There is more to Barbados than its sense of tradition though, if you want natural wonder then this island has more than its fair share; the warm waters sparkle in almost impossible shades of blue, lapping against the golden sands, as plantation house peek through the lush vegetation amid the gently sloping limestone hills. Pleasing to the eye, with a welcome that warms the heart, Barbados is the island that keeps giving, and then enticing you back for more.
The west coast is where the glamour of Barbados lives, with its calm waters, the established resorts filled with luxury hotels, restaurants and exclusive shopping, all thrive around this well established region, but don’t dismiss the rest of the island, stay on the east coast to experience the surfer vibe as the Atlantic waves crash in, or the developed south coast with its varied accommodation that suits all budgets.
The Sandpiper on the west Coast of Barbados is a popular choice for the discerning holidaymaker, the understated luxury evident in its natural tones and glorious views; the rooms are quite amazing, with tree top suites that will take your breath away; this hotel is a great location for pampering, relaxation and water-sports. Those wanting to live the surfer life, will love The Atlantis Hotel at Tent Bay on the east coast, the noise of the crashing waves reminding you why this area is so popular amongst surfers, the restaurant in the hotel is a real treat, well known in the area and offering great food as well as spectacular ocean views.
Barbados entices some of the world’s best chefs to its restaurants, bringing with them a wealth of global cuisines, this when coupled with the islands bounty of seafood, native exotic fruits, and colonial influences, creates menus that befit the luxury resorts in which they are found.
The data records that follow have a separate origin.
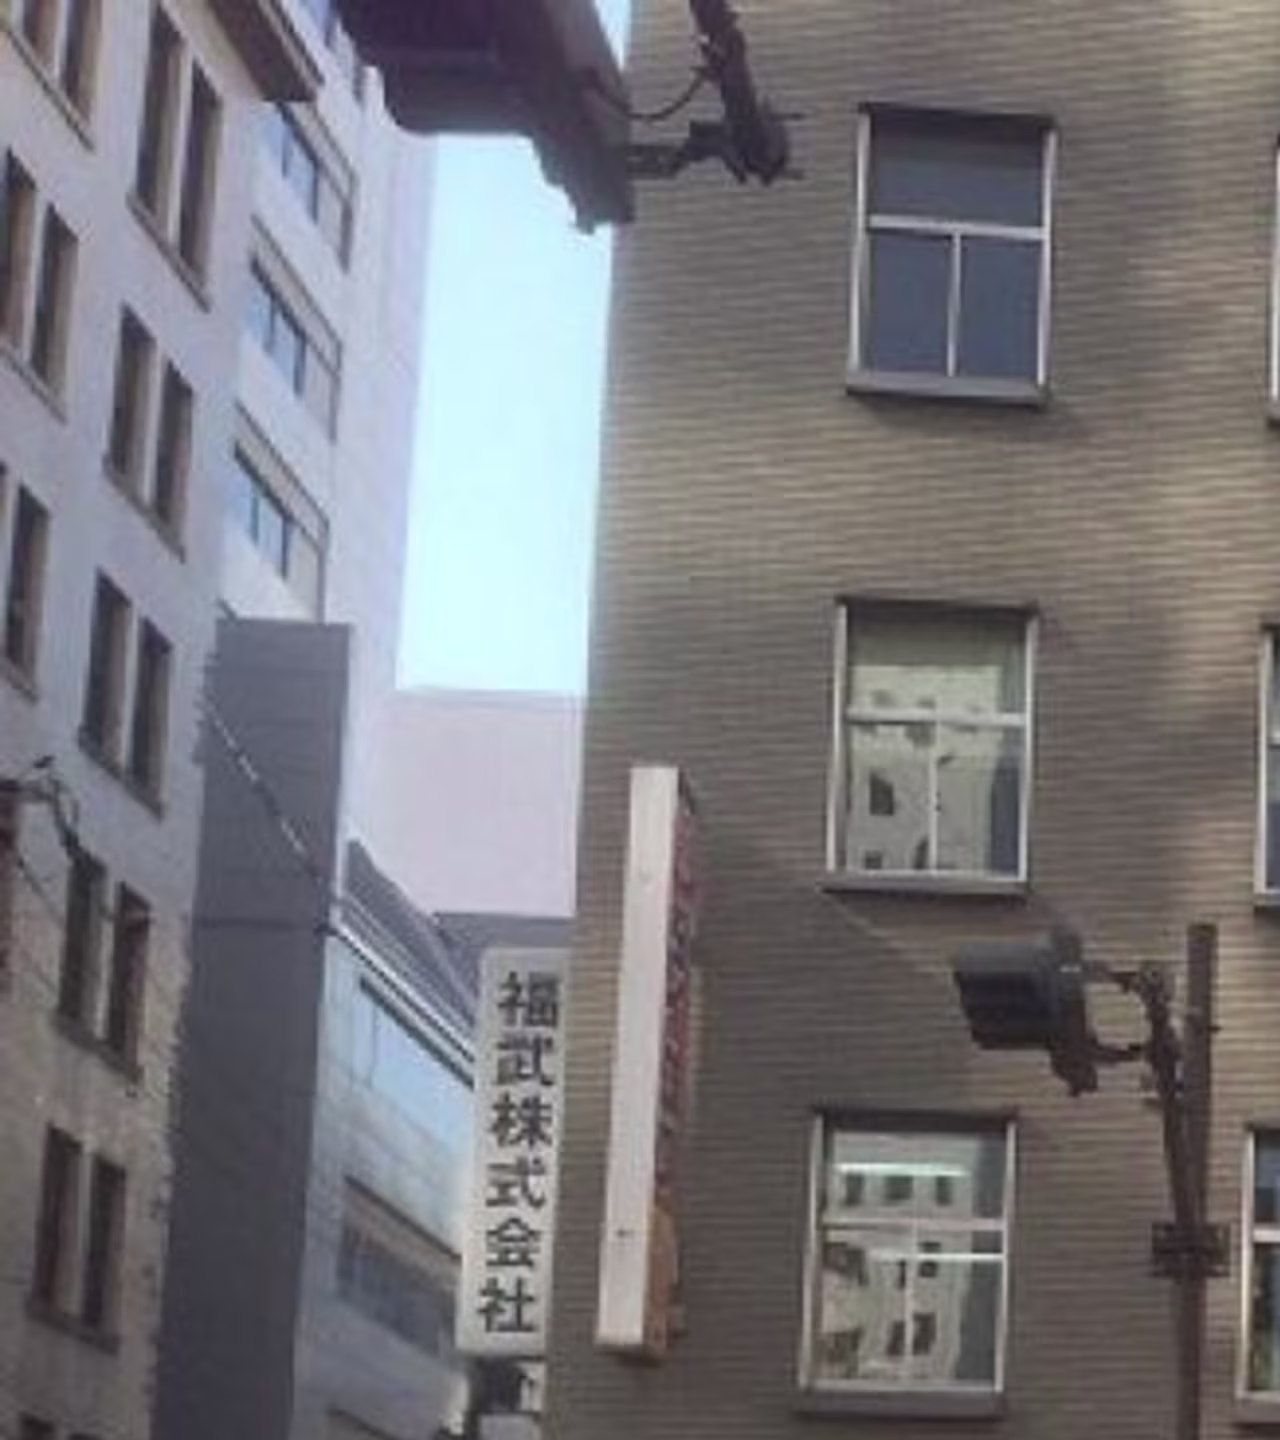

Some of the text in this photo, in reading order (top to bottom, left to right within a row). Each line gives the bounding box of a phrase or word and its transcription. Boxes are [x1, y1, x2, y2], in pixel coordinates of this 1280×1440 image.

[475, 970, 560, 1335] 福武株式会社
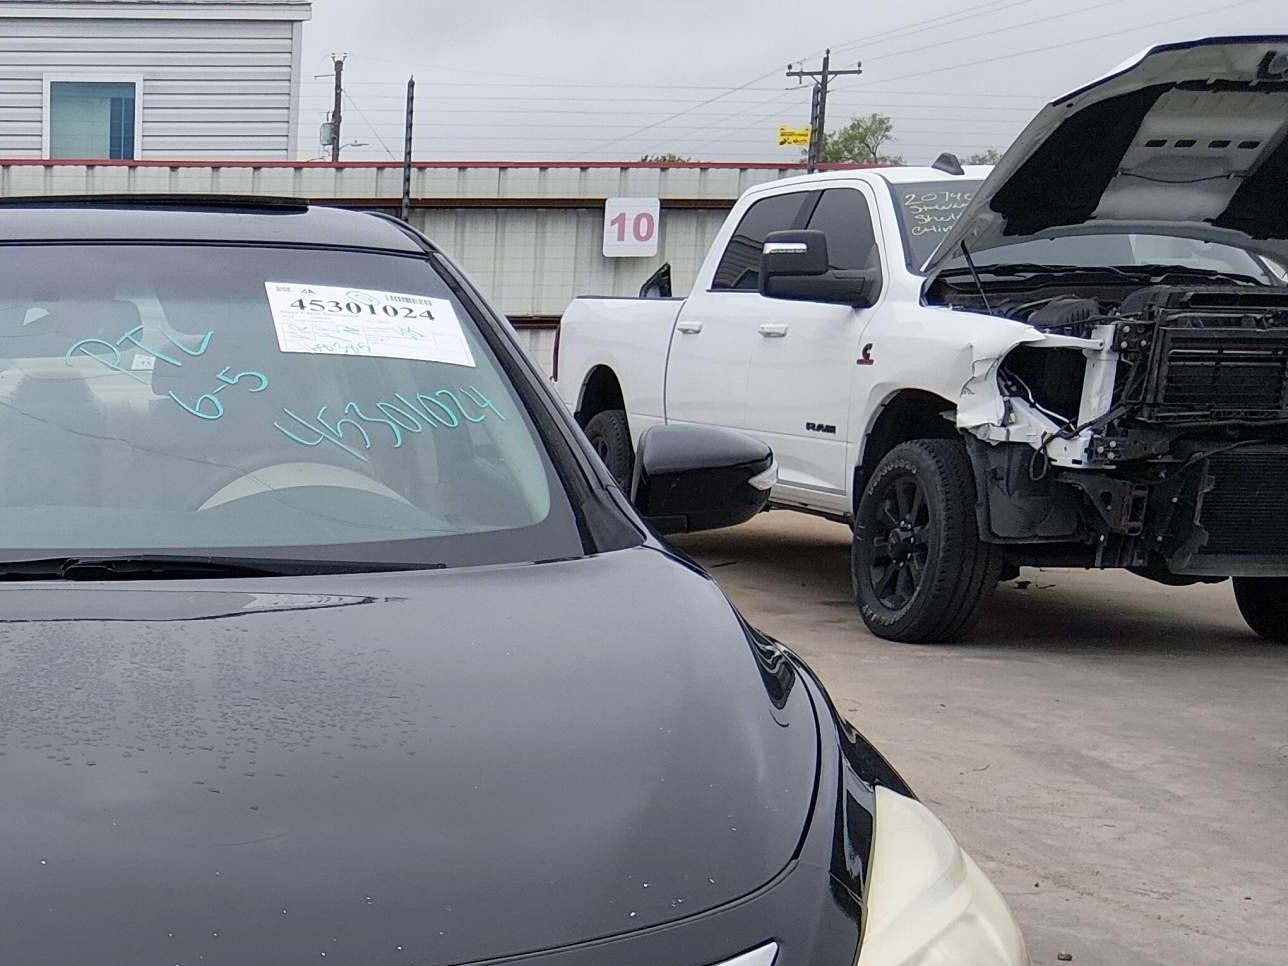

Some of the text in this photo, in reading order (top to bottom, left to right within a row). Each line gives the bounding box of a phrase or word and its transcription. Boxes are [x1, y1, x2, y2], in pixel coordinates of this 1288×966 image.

[610, 211, 655, 242] 10
[289, 298, 436, 322] 45301024
[273, 384, 506, 463] 45301024
[805, 421, 837, 434] RAM
The Fish Pot in St Peter’s on the west coast may not sound inspiring, but this restaurant is a class act with some of the freshest fish on the island, cooked in the most imaginative of ways, although relaxed, there is no disputing that you are in expert hands, although you certainly pay for the privilege! Sweet Potatoes on the south coast serves traditional Bajan food, expect to lots of Creole flavours on the menu, along with plantains, crab cakes, flying fish, all accompanied by amazing rum punch – don’t visit here is you’re in a rush, as you may want to stay a while.
Barbados is all about the water, from snorkelling and diving, to surfing and kite-boarding there are activities offered at all the resorts, make sure you that you choose the part of the island that offers your preferred activity, or ensure that you have access to a hire car or you may be disappointed.
If you prefer to view the waters rather than interact with them, there are sea excursions from all the main resorts, taking you around the island to see the beautiful untamed coastline that remains inaccessible on foot.
Visiting Barbados from January until April generally guarantees the best of the weather, pleasant heat without the humidity and intensity that is seen during the summer months; the downside is the high prices, between Christmas and Easter the prices spike, although May can be a good month to travel, with pleasant weather and room discounts to be found.
As the spring heads towards summer the hurricane season arrives and although hurricanes rarely hit, the storms that cover the island can be ferocious (particularly between August and October), hurricane season continues until November, after which the prices begin to rise again.